Kitchens Are Spick and Span
The last and most important link is the University kitchen. Every modern method that has been devised for cleanly handling of food has been installed. Only the highest quality of food is purchased. All the milk and cream is pasteurized.
Everything is spick and span. All the dishes are thoroughly cleansed. Every employee in the kitchen is under medical inspection. He must be cleanly in his habits, and he is taught the principles of food sanitation. If ill, he must not work, but is given leave of absence with pay. Refrigeration temperatures of all food are under constant check. No food is allowed to accumulate, to spell, or to be utilized as left-overs.

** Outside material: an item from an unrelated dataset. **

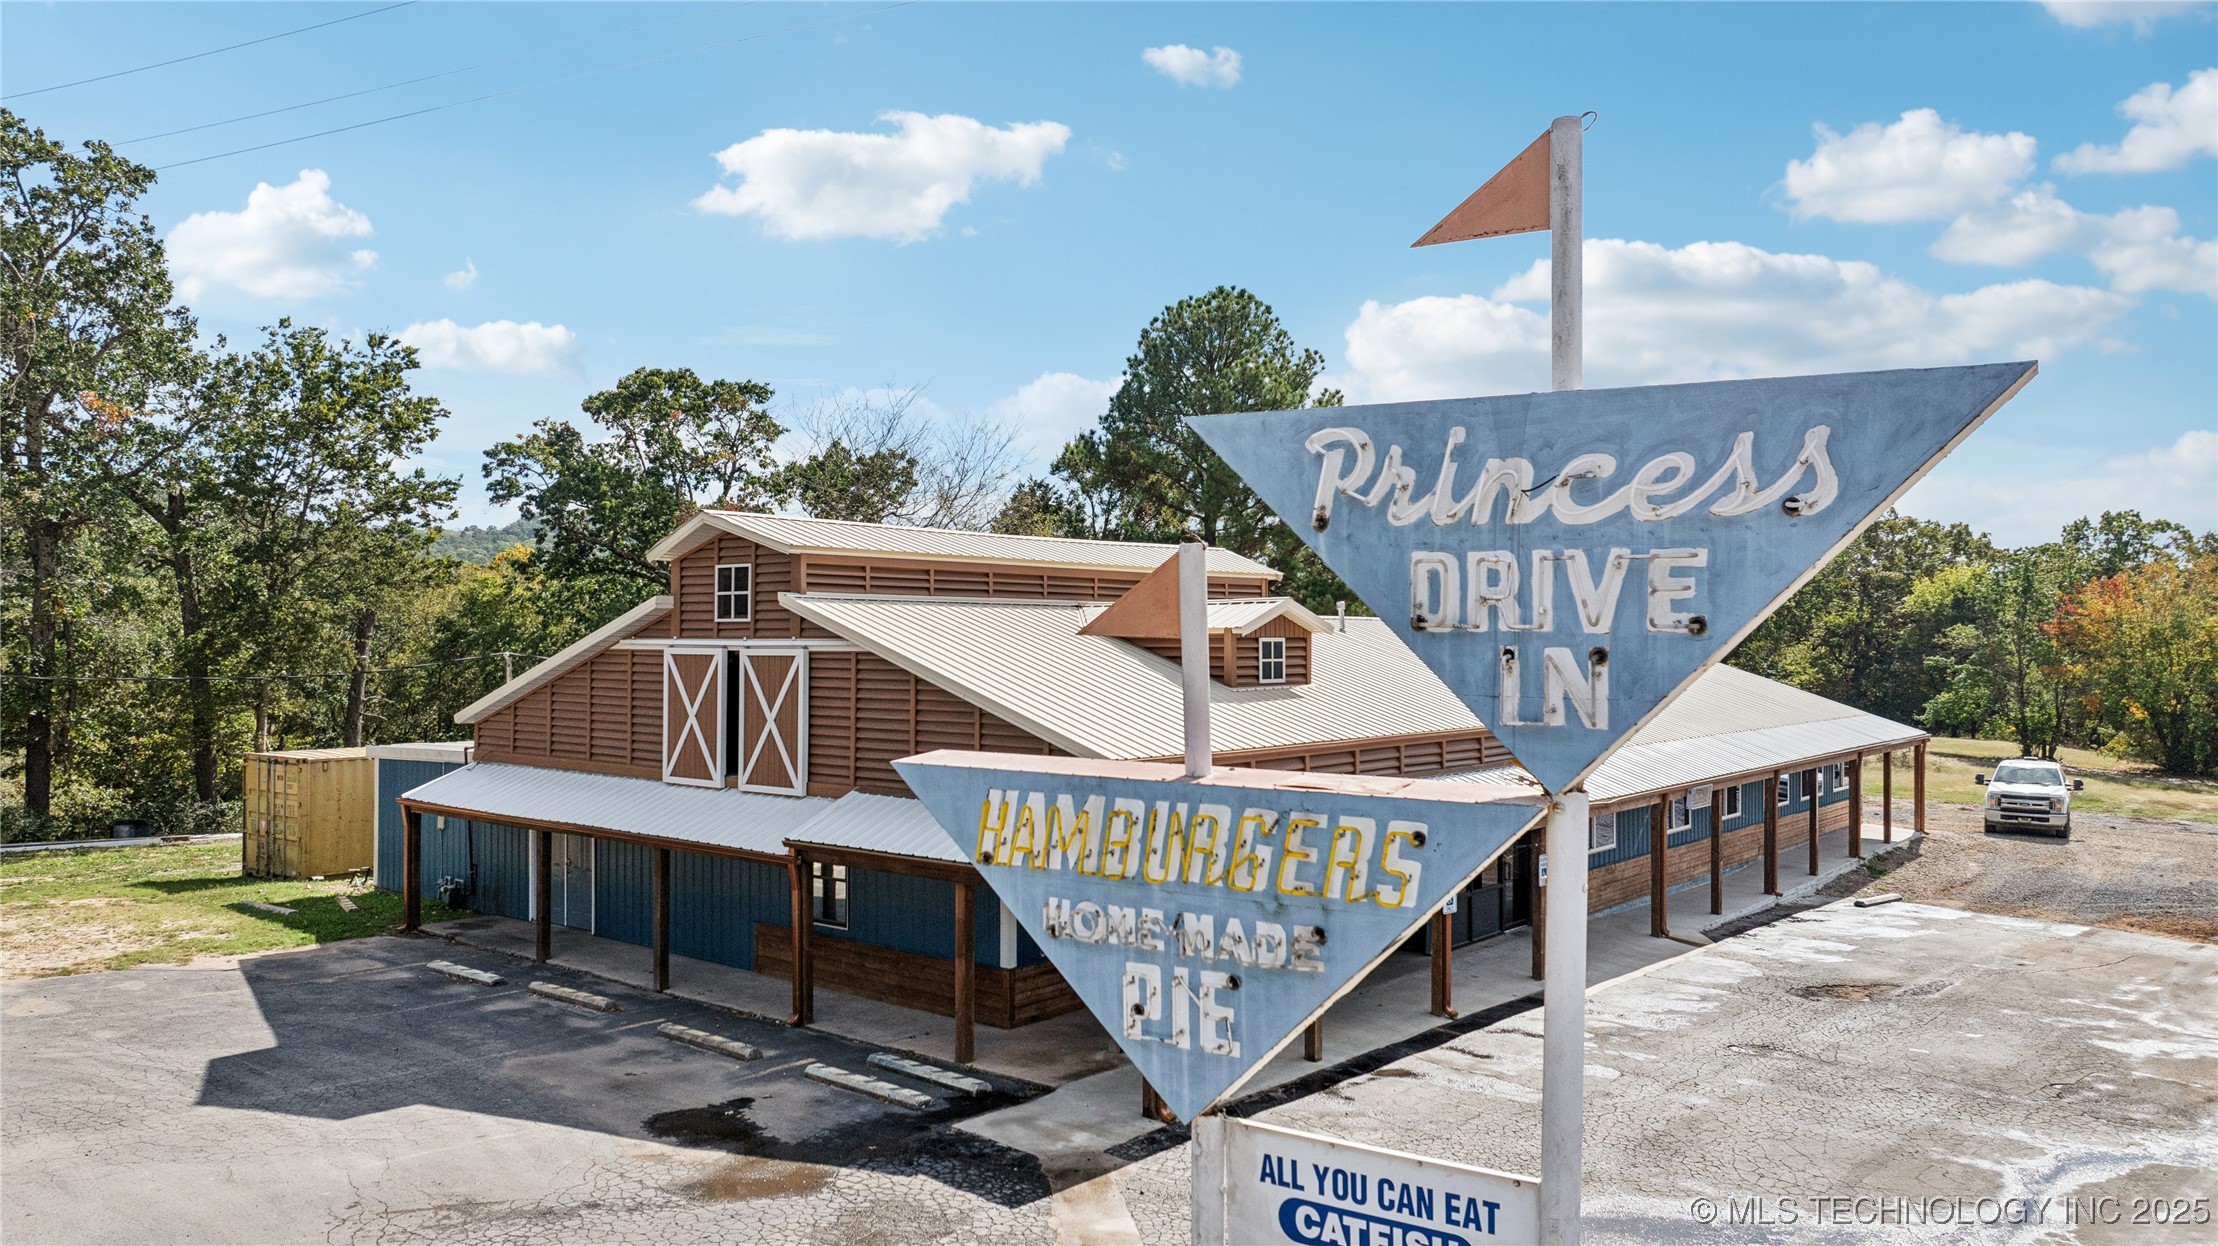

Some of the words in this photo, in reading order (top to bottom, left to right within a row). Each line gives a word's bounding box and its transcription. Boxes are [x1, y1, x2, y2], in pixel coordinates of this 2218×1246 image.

Occasional Outbreaks inevitable
Despite all these precautions--federal inspection, state supervision, local health department food inspection and every precaution taken by the University staff--an occasional outbreak of gastro-intestinal illness occurs.
These are practically inevitable because of the complexity of our mode of life and the great number of processes that are required in bringing our wide variety of food stuffs from the farm to the table.
No epidemic of serious food-borne infection such as typhoid fever, or septic sore throat, has occurred in the University for many years. Our experience with the mild forms of gastro-intestinal outbreaks is almost identical with that of other colleges and universities, as well as that of the best type of hotels and restaurants.